Apenas nove meses se passaram desde a peregrinação de janeiro ao Palácio de Inverno! Era possível! Dez meses antes, esse mesmo povo suplicava ao Czar que lhes concedesse a liberdade de imprensa! Era verdade? Não, na verdade nosso velho calendário estava mentindo. A revolução estabeleceu ela mesma e para si mesma a contagem de seus anos: seus meses valem cinco anos, seus anos são séculos. [14]

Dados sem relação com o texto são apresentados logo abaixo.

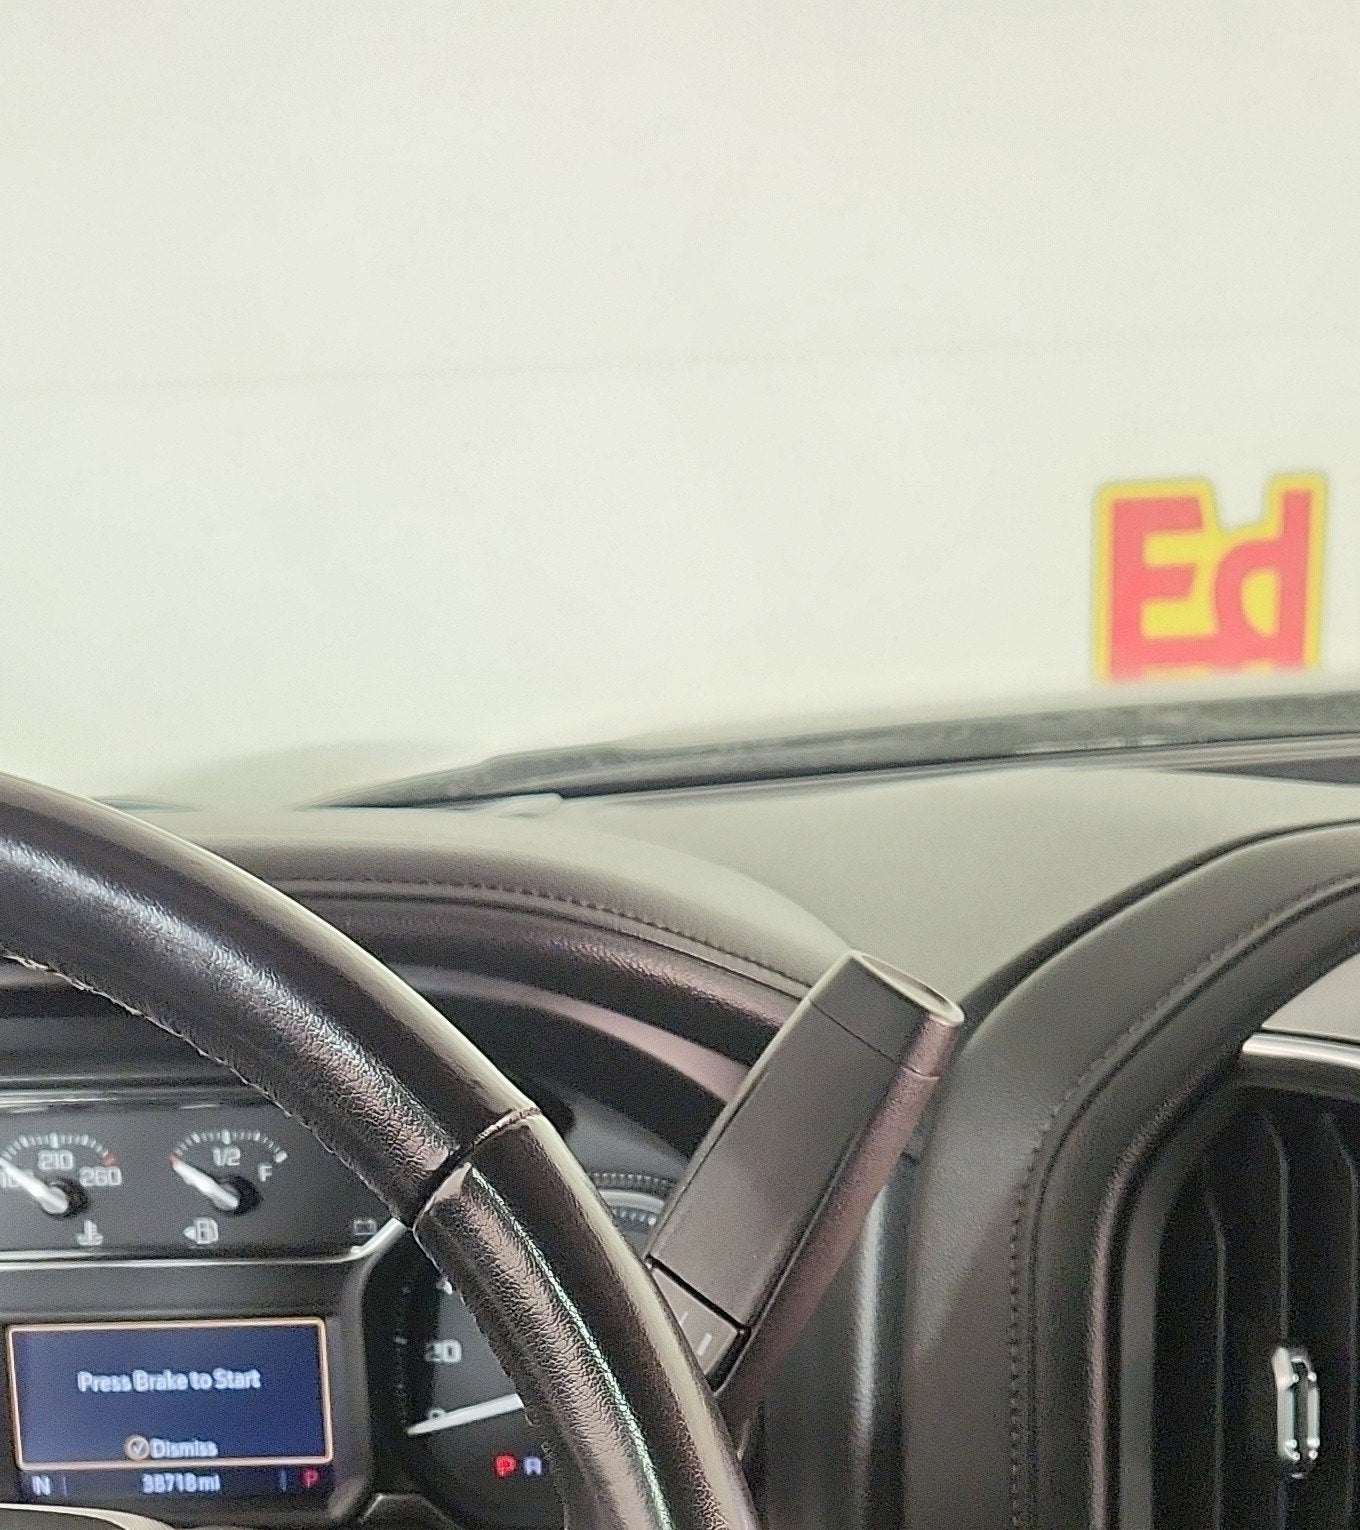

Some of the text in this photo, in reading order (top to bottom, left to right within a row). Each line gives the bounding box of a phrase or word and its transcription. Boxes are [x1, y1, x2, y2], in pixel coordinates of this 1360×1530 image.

[1095, 474, 1327, 684] Ed
[38, 1151, 74, 1172] 210
[79, 1166, 122, 1187] 260
[257, 1163, 273, 1182] F
[77, 1367, 261, 1392] Press Brake to Start
[150, 1437, 218, 1459] Dismiss
[496, 1455, 517, 1477] P
[31, 1475, 52, 1496] N
[302, 1468, 320, 1489] P

O “processo partidário” e o conservadorismo da organização

Da mesma maneira, pode-se dizer que existe um “lado B” nesta concepção. Nesse grau diferente, no trecho entre o latente e o desenvolvido, haveria uma certa visão do desenvolvimento do movimento operário onde a consciência socialista de alguma forma surge por geração espontânea de dentro da mesma luta de classes (um tema contra aquele que Lênin começa a polemizar a partir do O que fazer, ao afirmar que a consciência socialista é introduzida de fora pelo partido e pela intelectualidade marxista, sem perceber que a “ortodoxia marxista” da época não pensava da mesma forma), onde ainda as mediações, os obstáculos, o defeito no desenvolvimento da consciência de classe implicados pelos agentes da burguesia dentro de um mesmo movimento disfarçado de “socialistas” não são muito visíveis, algo de que Luxemburgo não pode ser responsabilizada, mas fez parte dos limites da experiência, até aquele momento, de todo o movimento operário e de todos os teóricos do socialismo. Isso, que se poderia chamar de um certo “fatalismo” em Luxemburgo no que diz respeito ao desenvolvimento da consciência operária, e que é bastante coerente com uma lógica como a do “processo-partidário”, onde há uma continuidade entre a classe operária e o partido parecido com os termos em que apareceu em Marx (quando o movimento operário ainda não era tão diferenciado e não havia camadas burocráticas ou aristocráticas ligadas aos interesses imperialistas de diferentes burguesias, mas que começou a se tornar mais difícil de sustentar já no início do século XX quando aquelas camadas e correntes começaram a surgir), não se manifestou tão claramente em Trótski, embora ele também tivesse uma teoria de organização um tanto semelhante até 1917, bastante conciliador das diferentes facções. Embora esta teoria da organização, vista a partir de hoje com o benefício da experiência das revoluções russa e alemã, não tenha passado no teste (o peso desta teoria entre Luxemburgo e os espartaquistas levou a uma fundação muito tardia e em muito mau estado de um partido revolucionário independente na Alemanha, o KPD [15]) foi acompanhado por uma desconfiança saudável do partido e das burocracias sindicais que permitiu que ambos os revolucionários tivessem um prognóstico semelhante do desastre da Social-Democracia alemã muitos anos antes de acontecer, ao contrário de Lênin, que tinha uma visão mais “exemplar” do SPD até 1914, embora não idêntica a ele [16]. Já em 1902, para Luxemburgo:

Se a social-democracia quisesse resistir às revoluções proletárias, sendo elas uma necessidade histórica, o único resultado seria que a social-democracia se transformaria de um líder em algo rastejante ou um obstáculo impotente à luta de classes, que eventualmente, para melhor ou para pior, teria que vencer sem ela e contra ela, no momento [17].

E para Trótski, em 1906:

Os partidos socialistas europeus, especialmente o maior deles, o alemão, desenvolveram seu próprio conservadorismo, que é tanto maior quanto maiores são as massas englobadas pelo socialismo e quanto maior o grau de organização e disciplina dessas massas. Consequentemente, a social-democracia, como organização, personificando a experiência política do proletariado, pode tornar-se, em determinado momento, um obstáculo direto no caminho da disputa aberta entre os trabalhadores e a reação burguesa [18].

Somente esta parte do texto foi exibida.